Definition of Triple Integral

We can introduce the triple integral similar to double integral as a limit of a Riemann sum. We start from the simplest case when the region of integration \(U\) is a rectangular box \(\left[ {a,b} \right] \times \left[ {c,d} \right] \) \(\times \left[ {p,q} \right]\) (Figure \(1\)).

Let the set of numbers \(\left\{ {{x_0},{x_1}, \ldots ,{x_m}} \right\}\) be a partition of \(\left[ {a,b} \right]\) into small intervals so that the following relations are valid:

\[{a = {x_0} \lt }\kern0pt{ {x_0} \lt {x_1} \lt {x_2} \lt \ldots} { \lt {x_i} \lt \ldots } {\lt {x_{m – 1}} \lt {x_m} }={ b.}\]
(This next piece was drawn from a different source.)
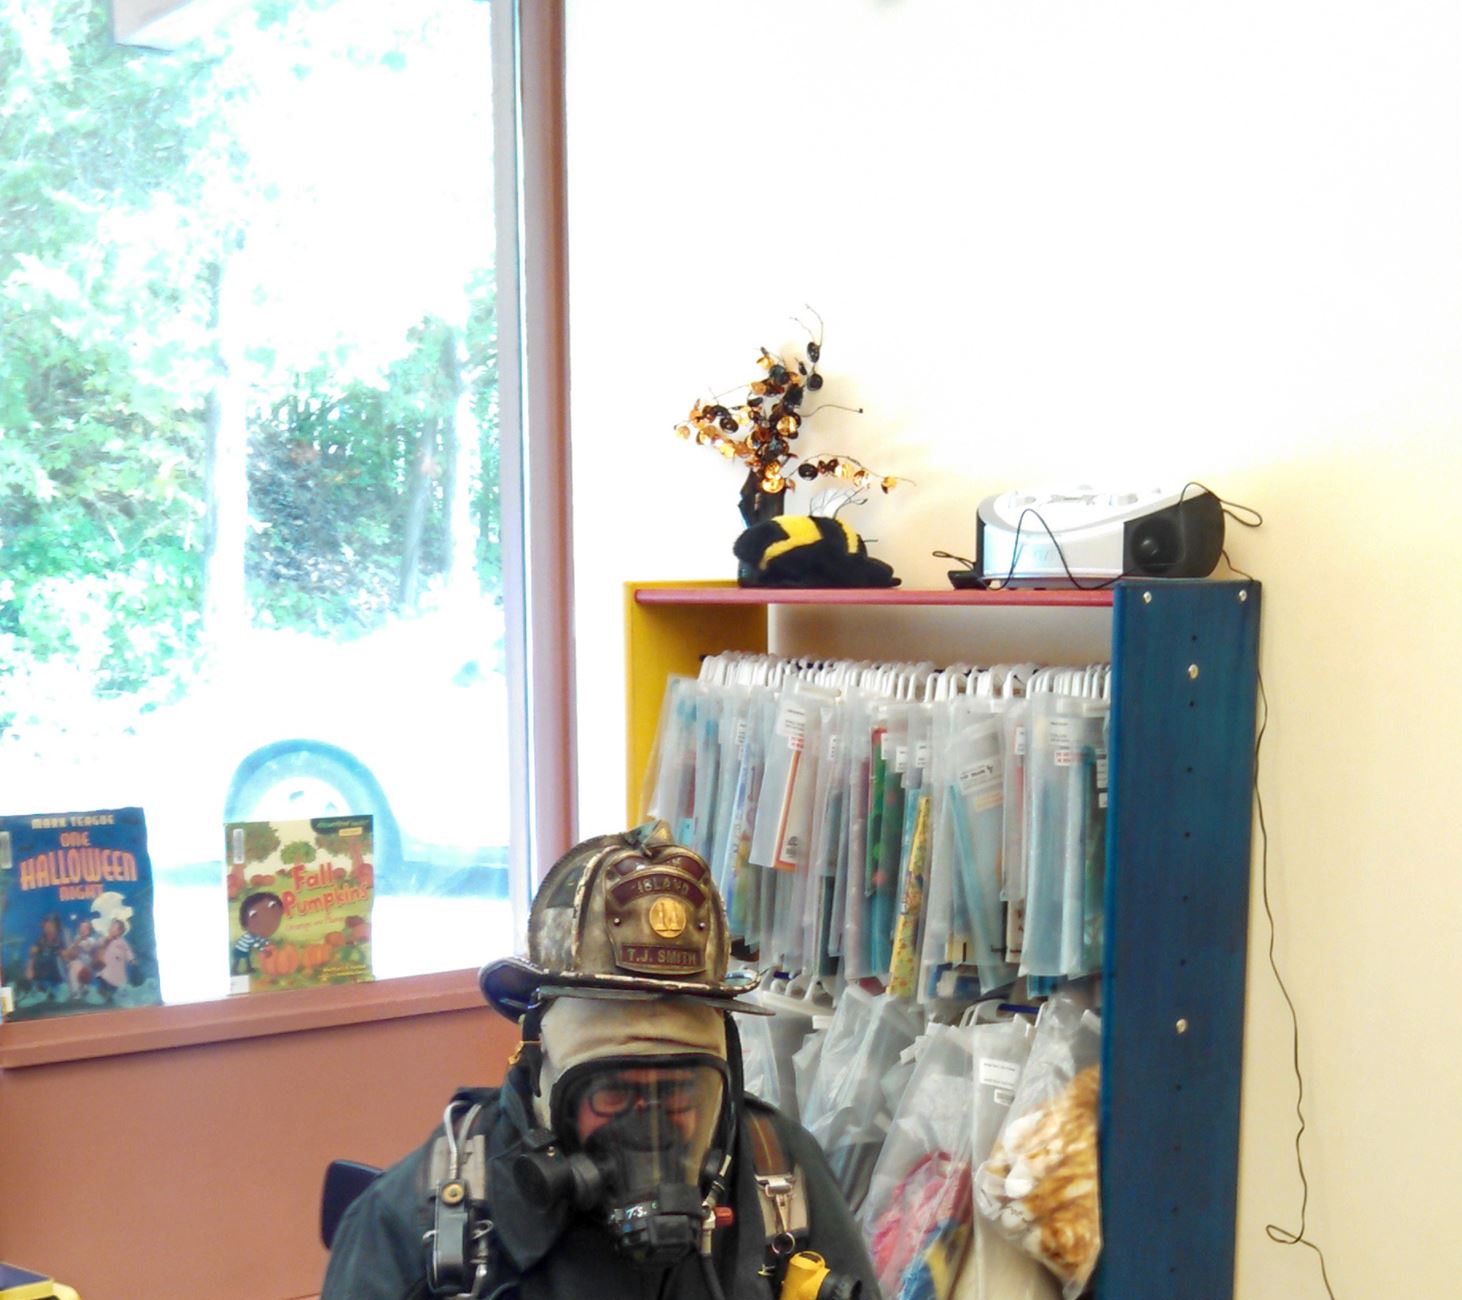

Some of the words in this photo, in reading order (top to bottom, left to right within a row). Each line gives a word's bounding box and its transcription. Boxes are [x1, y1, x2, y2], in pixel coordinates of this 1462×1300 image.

Similarly, we can construct partitions of the segment \(\left[ {c,d} \right]\) along the \(y\)-axis and the segment \(\left[ {p,q} \right]\) along the \(z\)-axis:

\[{c }={ {y_0} \lt {y_1} \lt {y_2} \lt \ldots}\kern0pt { \lt {y_j} \lt \ldots }\kern0pt {\lt {y_{n – 1}} \lt {y_n} }={ d,}\]

\[{p }={ {z_0} \lt {z_1} \lt {z_2} \lt \ldots}\kern0pt { \lt {z_k} \lt \ldots }\kern0pt {\lt {z_{\ell – 1}} \lt {z_\ell} }={ q.}\]

The Riemann sum of the function \(f\left( {x,y,z} \right)\) over the partition of \(\left[ {a,b} \right] \times \left[ {c,d} \right] \) \(\times \left[ {p,q} \right]\) is defined by

\[{\sum\limits_{i = 1}^m {\sum\limits_{j = 1}^n {\sum\limits_{k = 1}^{\ell} {f\left( {{u_i},{v_j},{w_k}} \right) }}\kern0pt{{ \Delta {x_i}\Delta {y_j}\Delta {z_k}} } } }\]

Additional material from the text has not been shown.